Ammara asks Zubair to give her divorce, but Zubair doesn't take it seriously since he sees Ammara as a weak woman who can't survive without him. She becomes a strong woman, he divorces her, and she moves back to her father's house. Jumshaid's wife demands they move, as she doesn't want her daughters to live with Ammara. Jumshaid moves his family to a new home but isn't happy with his wife's decision.

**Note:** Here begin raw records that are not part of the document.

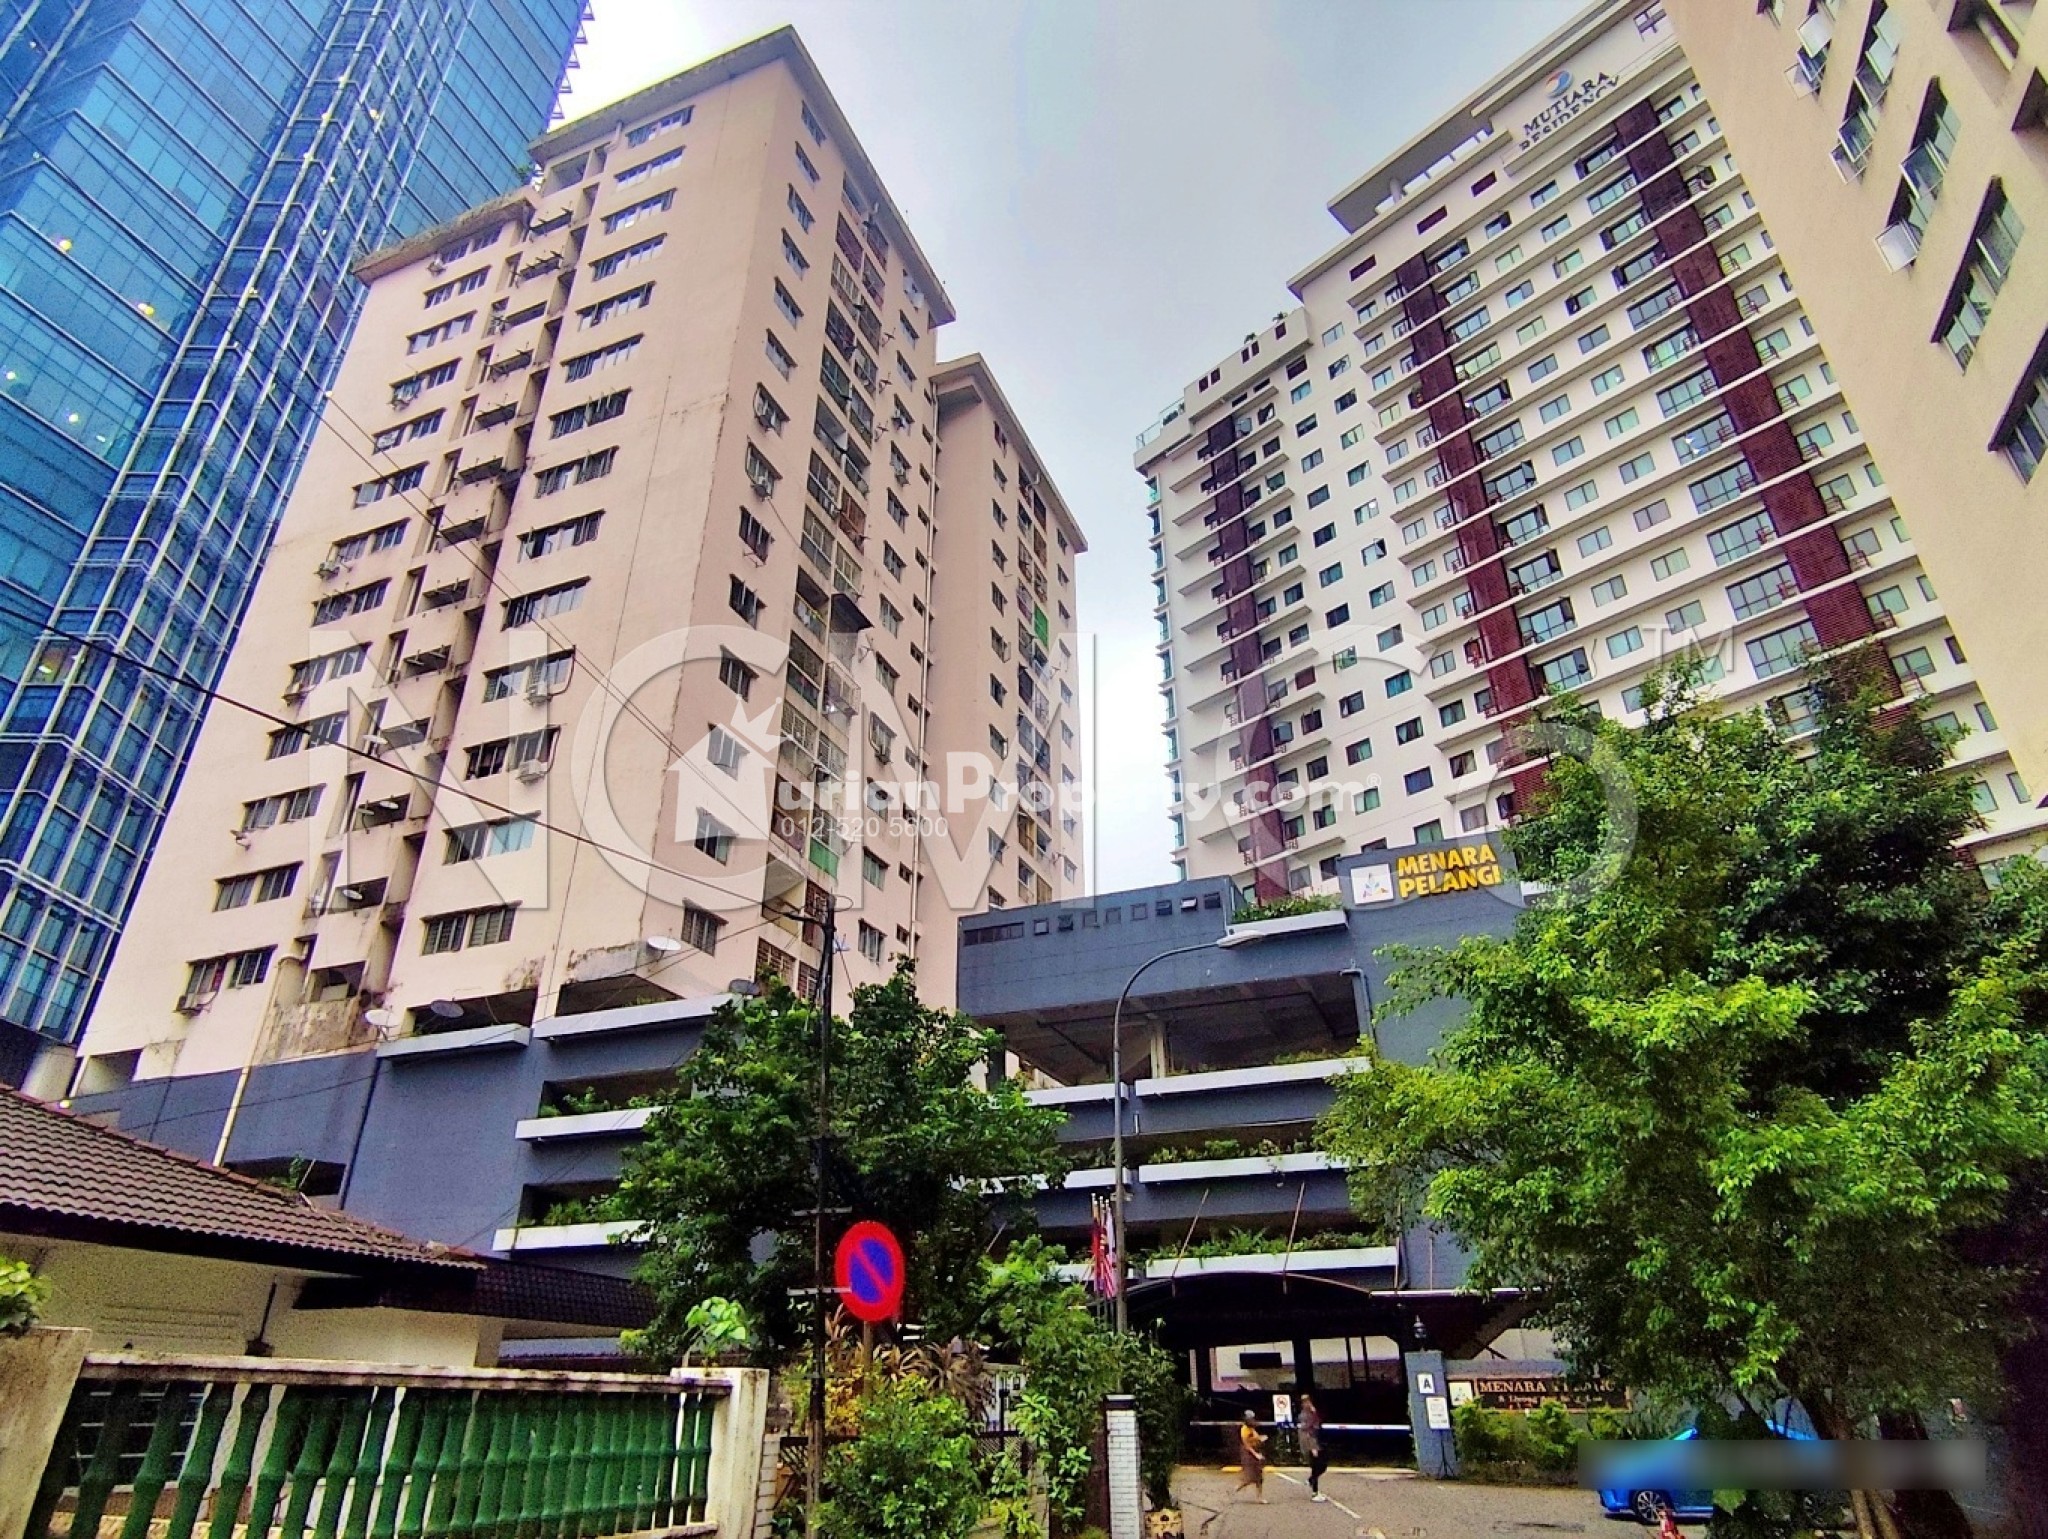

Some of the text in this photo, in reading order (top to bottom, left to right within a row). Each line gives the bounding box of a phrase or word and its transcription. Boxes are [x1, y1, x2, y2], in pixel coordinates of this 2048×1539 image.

[1523, 72, 1610, 136] MUTIARA
[1397, 843, 1497, 877] MENARA
[1398, 864, 1502, 899] PELANGI
[1423, 1377, 1432, 1390] A
[1480, 1380, 1547, 1393] MENARA

Faizan, his mother and his sister leave for a family wedding. His wife, Maira, stays home and calls Abbas after everyone has left. A minor accident on the way to the wedding causes the family to come home early, catching Maira and Abbas together. Faizan divorces Maira. It makes him realize how badly he treated Ammara and how much he misses her. He sends his mother, who hadn't treated Ammara any better, to Ammara's house with a proposal of marriage. Jumshaid gets angry and rejects Faizan's proposal.

Zubair goes to Zaid, who turns out to be a journalist, to tell him about Ammara's rape scandal, asking to publish it as "chatpati" news in the newspaper. Zaid refuses angrily, and throws Zubair out. Zubair discovers he is dying of liver cancer. When Ammara finds out, she gives ten lakhs to Zubair's parents for his treatment. On his deathbed, Zubair asks his father to go to Ammara and apologize to her and then dies. When his father goes to Ammara's house, he returns her money and apologizes; She forgives everyone.

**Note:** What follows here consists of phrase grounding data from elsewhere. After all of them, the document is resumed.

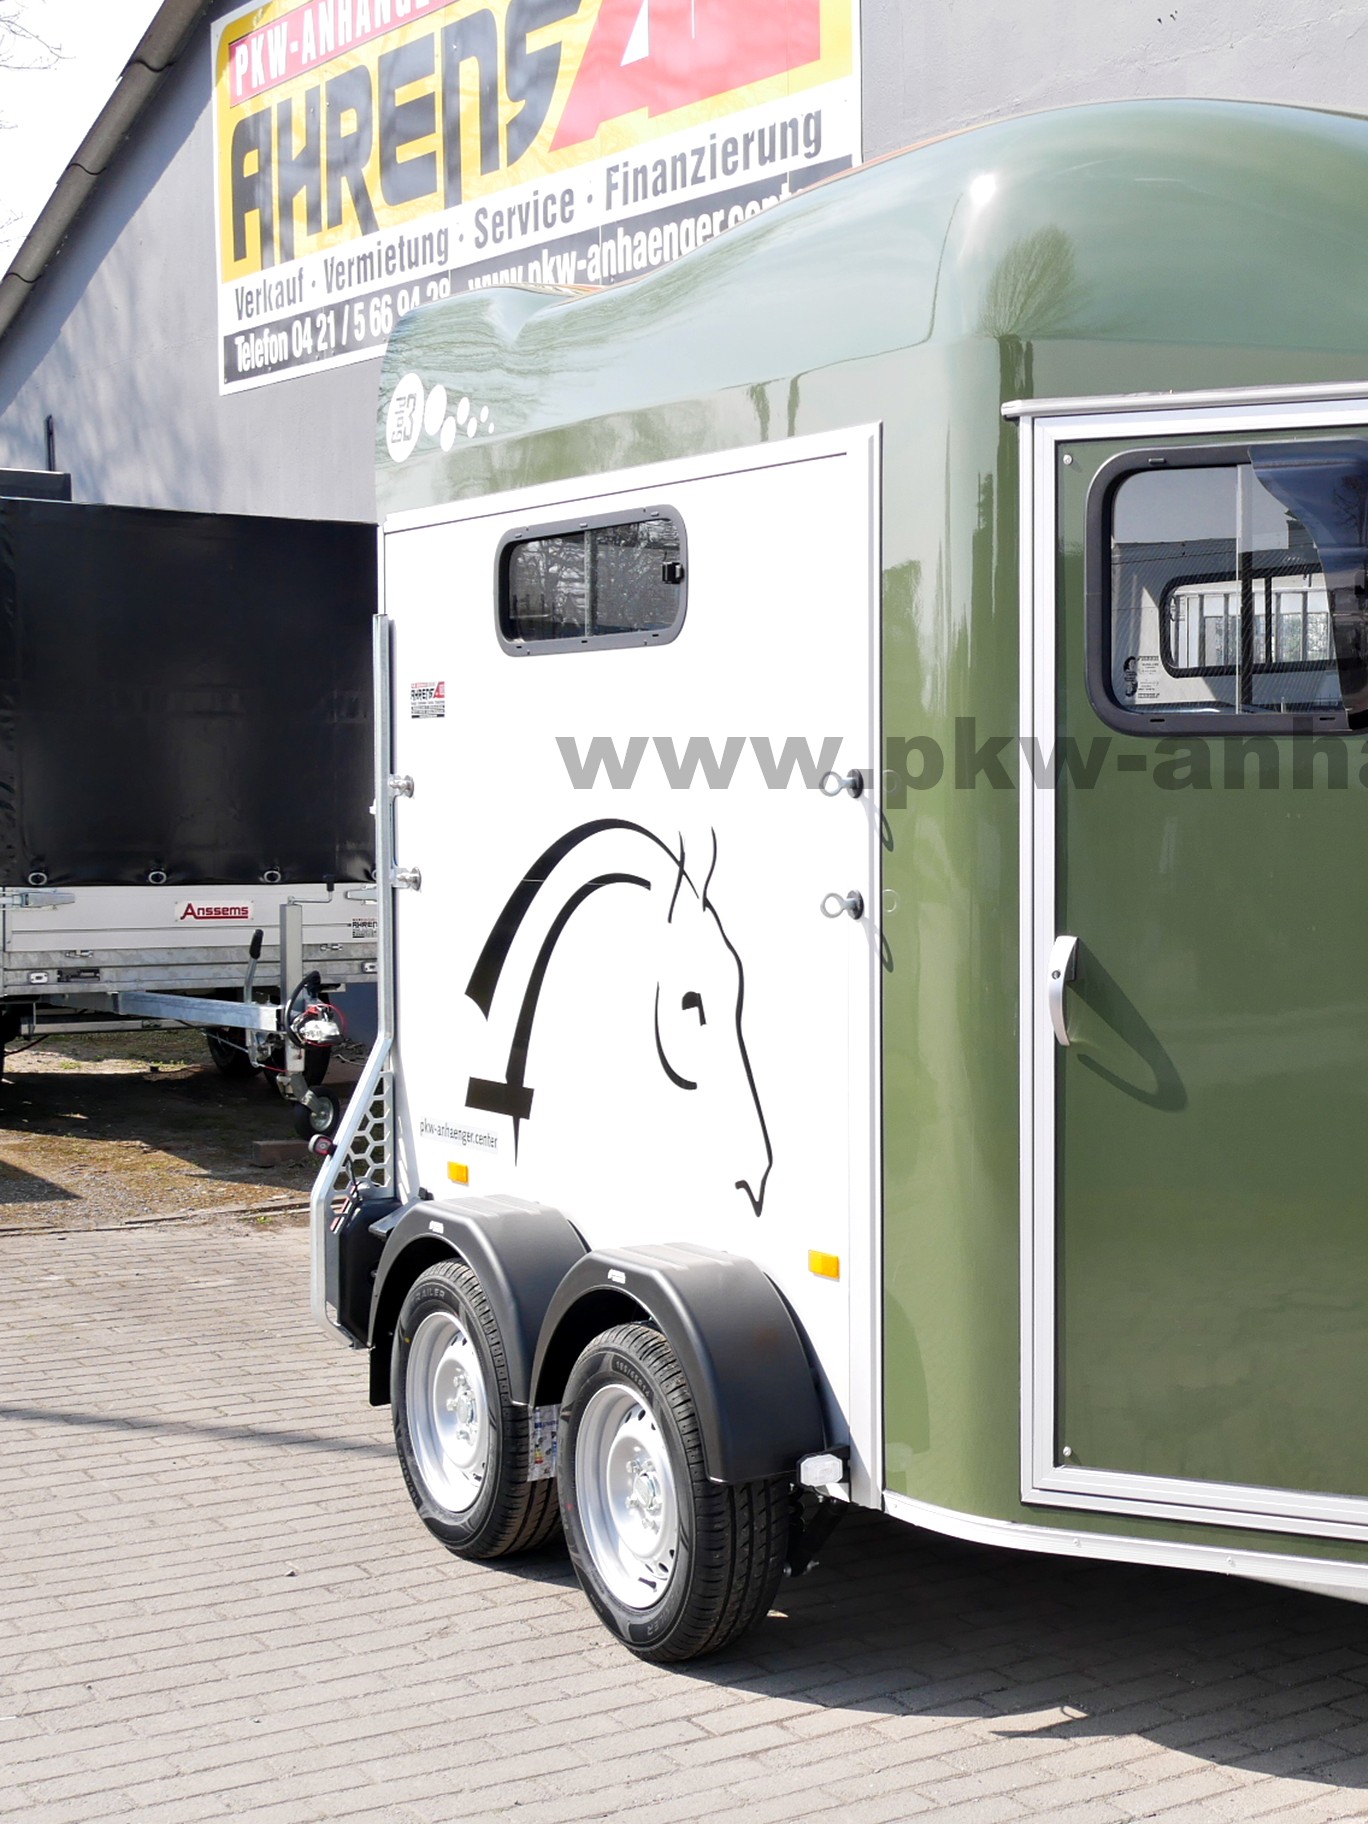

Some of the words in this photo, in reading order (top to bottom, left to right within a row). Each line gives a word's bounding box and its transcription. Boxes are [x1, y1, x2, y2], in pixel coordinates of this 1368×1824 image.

[235, 267, 304, 321] Verkauf
[323, 227, 449, 294] Vermietung
[474, 188, 575, 249] Service
[606, 109, 822, 211] Finanzierung
[234, 328, 289, 373] Telefon
[291, 316, 314, 358] 04
[316, 310, 336, 352] 21
[353, 300, 366, 342] 5
[369, 293, 394, 337] 66
[180, 902, 249, 920] Anssems

The three men who raped Ammara make a plan to rob Jumshaid's house. Before the robbery, they go to a restaurant where Ammara while dining with Zaid, recognizes them. She informs Zaid about who they are causing Zaid to want to fight them, but Ammara stops him, saying "humain sabit qadam rehna chahiye warna inhe shuk ho jaye ga,Ye jab dakaiti kar rhe hongay tau inhe rangay hathoon pakarwain gay". Instead, he calls his friend, a senior rank of police, to send his team of police to follow the men.

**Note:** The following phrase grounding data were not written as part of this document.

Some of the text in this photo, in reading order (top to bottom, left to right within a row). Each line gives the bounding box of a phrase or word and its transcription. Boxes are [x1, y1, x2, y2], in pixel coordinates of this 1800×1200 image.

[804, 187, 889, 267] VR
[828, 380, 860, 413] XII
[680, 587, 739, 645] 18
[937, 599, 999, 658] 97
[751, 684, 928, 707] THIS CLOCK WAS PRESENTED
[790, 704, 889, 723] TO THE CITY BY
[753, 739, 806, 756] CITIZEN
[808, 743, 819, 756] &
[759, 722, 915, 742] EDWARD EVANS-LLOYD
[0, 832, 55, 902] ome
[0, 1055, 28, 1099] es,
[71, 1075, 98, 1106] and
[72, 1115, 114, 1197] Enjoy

The men go to Jamshaid's house, planning to rape his wife, but the police arrive and arrest them before they can. When she learns she was saved because of Ammara, she feels regretful. Ammara is nominated for ten fashion designers awards. She gives Zaid an interview for his newspaper with the title "Main Gunehgar Nahin". With Zaid's urging, Ammara agrees to marry Faizan. When he learns they're engaged, he realizes how much he loves her, unaware that Ammara also loves him very much. Faizan asks her to go to Zaid; he says that "jao main ne pehle bhi tumhain boht taqleef Di hai agar tum Zaid k sath khush ho tau jao ghar waloon ko mein samjha loonga". She confesses her love to Zaid, and they get married.

== Cast ==

- Mawra Hocane as Ammara
- Sami Khan as Faizan (Ammara's fiancé)
- Shamoon Abbasi as Zubair
- Faizan Khawaja as Zaid
- Danish Ali as Talha
- Hira Pervaiz as Myra (Faizan's wife)
- Farooq Zameer as Ammara's Father
- Salahuddin Tunio as Ammara's father-in-law
- Amsa Ali
- Binita Marshal

== Reception ==
A reviewer from The Quint noted the strong narrative of the series appreciating the handling of the sensitive topic of rape and its aftermath responsibly.